Lucifer touched his shoulder. “Be careful, please. I would not lose my right hand to Michael’s cunning. Do not underestimate his cunning! He may seem as subtle as a battle axe, but the mind behind those eyes is something else entirely.”
“I will be careful,” Mephistopheles replied, hiding his pleasure at his liege-lord’s worry.
“Good man. Report to me as frequently as you may.”
“I shall.” Mephistopheles made a fist of one hand and pressed it to his breast, bowing at the waist. “Good day, my lord.”
“Go with Him.”
Mephistopheles backed out of the room until he stood in the hall.
Half an hour later, the Fallen angel strode down the cobbled streets, cloak flaring between his wings and a small pouch of necessities secured at his belt. He waved in passing to the human souls that lounged in the doors of their stores, or chatted beneath the awnings of their cafes. It was always dark in Hell; the walls of the cavern that housed their pocket dimension prevented any true day, and the starless nights were so dark that lamp and candle-makers were among the most prosperous of merchants. Electricity would have been popular, had it been possible… but many things were beyond Lucifer's powers.
Hell, then, was not what any of them had expected upon arrival. But even bereft of halo and with tar-colored feathers, Lucifer and his were angels: not men, and still, somewhere at core, divine. It was over the question of mercy that Heaven had torn apart; though few knew that story.
Mephistopheles walked out of the city and up the long road toward the Gate, pebbles skittering from the heels of his boots. One hand absently caressed the pommel of his sword. The cobblestones gave way to a cleared dirt path, bordered in rounded grey stones; soon, even the stones vanished, leaving a wild trail leading over the faintly grassed hill. As he followed it, Mephistopheles glanced at the orb hanging at the top of the cavern. The thought of standing beneath a real sun again sent a frisson of pleasure through his spine and up his wings.
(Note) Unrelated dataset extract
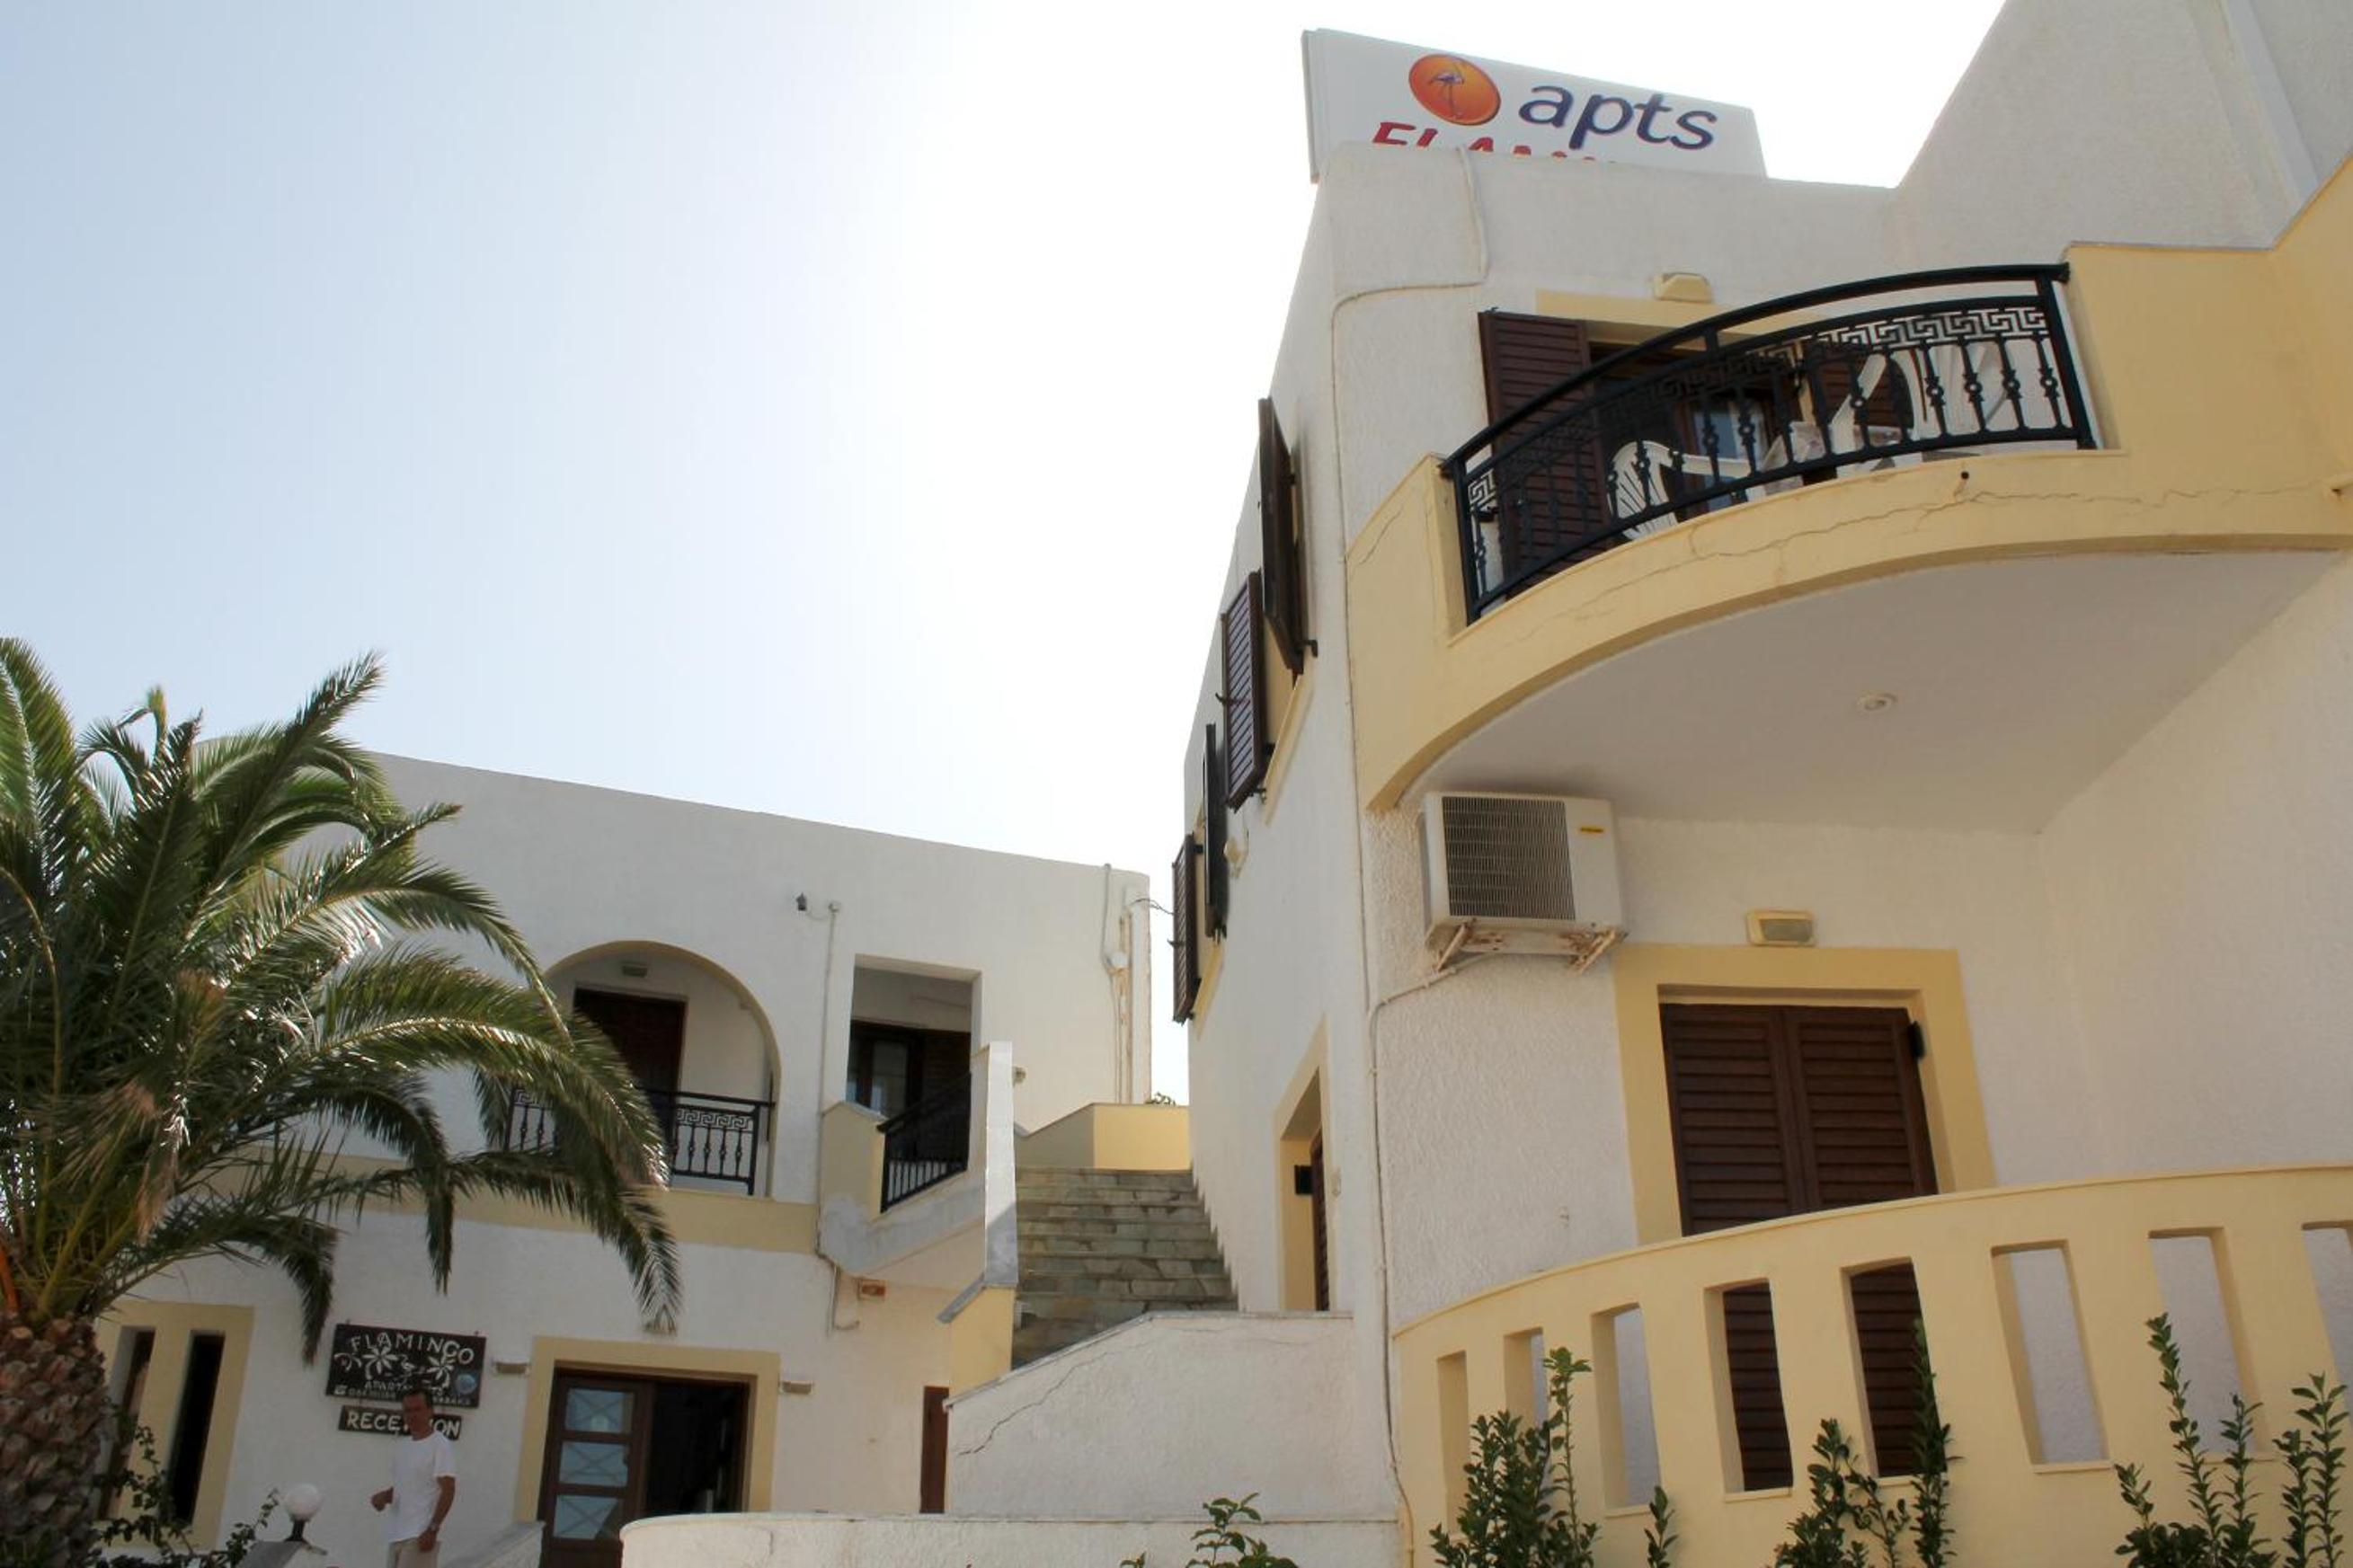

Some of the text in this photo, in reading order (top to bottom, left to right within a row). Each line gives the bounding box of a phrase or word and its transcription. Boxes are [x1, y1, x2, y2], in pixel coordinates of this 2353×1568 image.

[1517, 84, 1718, 150] apts
[350, 1332, 475, 1364] FLAMINGO
[347, 1410, 460, 1439] RECEON
Over the hill, the trail turned cobblestone again and the twin spars of the iron Gate rose from above the mound of
the next hill. Like all Gates, it was a formality, marking a place where space-time had torn enough to allow the whispers of other dimensions through. This one opened onto Earth; the line of souls waiting for entrance stretched back over the hill.
Lahatiel was on duty today, his ashen wings folded tightly behind his back as he scribbled names on his tablet. Mephistopheles passed the few bewildered humans on the Hell side of the Gate.
“Lahatiel!”
The Fallen angel glanced over his shoulder, flame-colored hair in disarray. “Ah! Prince Mephistopheles. We weren’t expecting you today…?”
“I’m on an errand to Earth. Things are proceeding well?”
“Well enough, my lord.”
Mephistopheles walked under the Gate. “Carry on then.”
“Aye, my lord.”
The rip leading to Earth was only a few hundred feet from the Gate. Mephistopheles was halfway there when the cry of an infant distracted him. He halted, turning to scan the line of souls waiting for admission.
A young woman stood stiffly behind a man, cradling a baby to her breast. Her locks were the soft brown of a thrush’s wing, hanging untidily over her thin shoulders. What was left of her sweater and pleated skirt was bloody and ragged.
Mephistopheles walked to within a few paces and said quietly, “My lady, do you need anything?”
She started, looked up at him with wild green eyes. “I—I… he’s unhappy.”
“I’m sure,” Mephistopheles replied. “May I?”
The woman looked away, shoulders tightening; in her arms, the baby wailed. “Could I stop you?”
“Of course.” Patience. The newly arrived always required great stores of patience.
The surprise on her face lived badly with her weariness. She rolled her lower lip between her teeth, then hesitantly handed the baby to him. Mephistopheles tucked the little one’s cloth around his body, his heart catching once as he recognized the weave. “Sssh, sssh, my dear,” he said, hushed. The baby human hiccupped and stared up at him, entranced.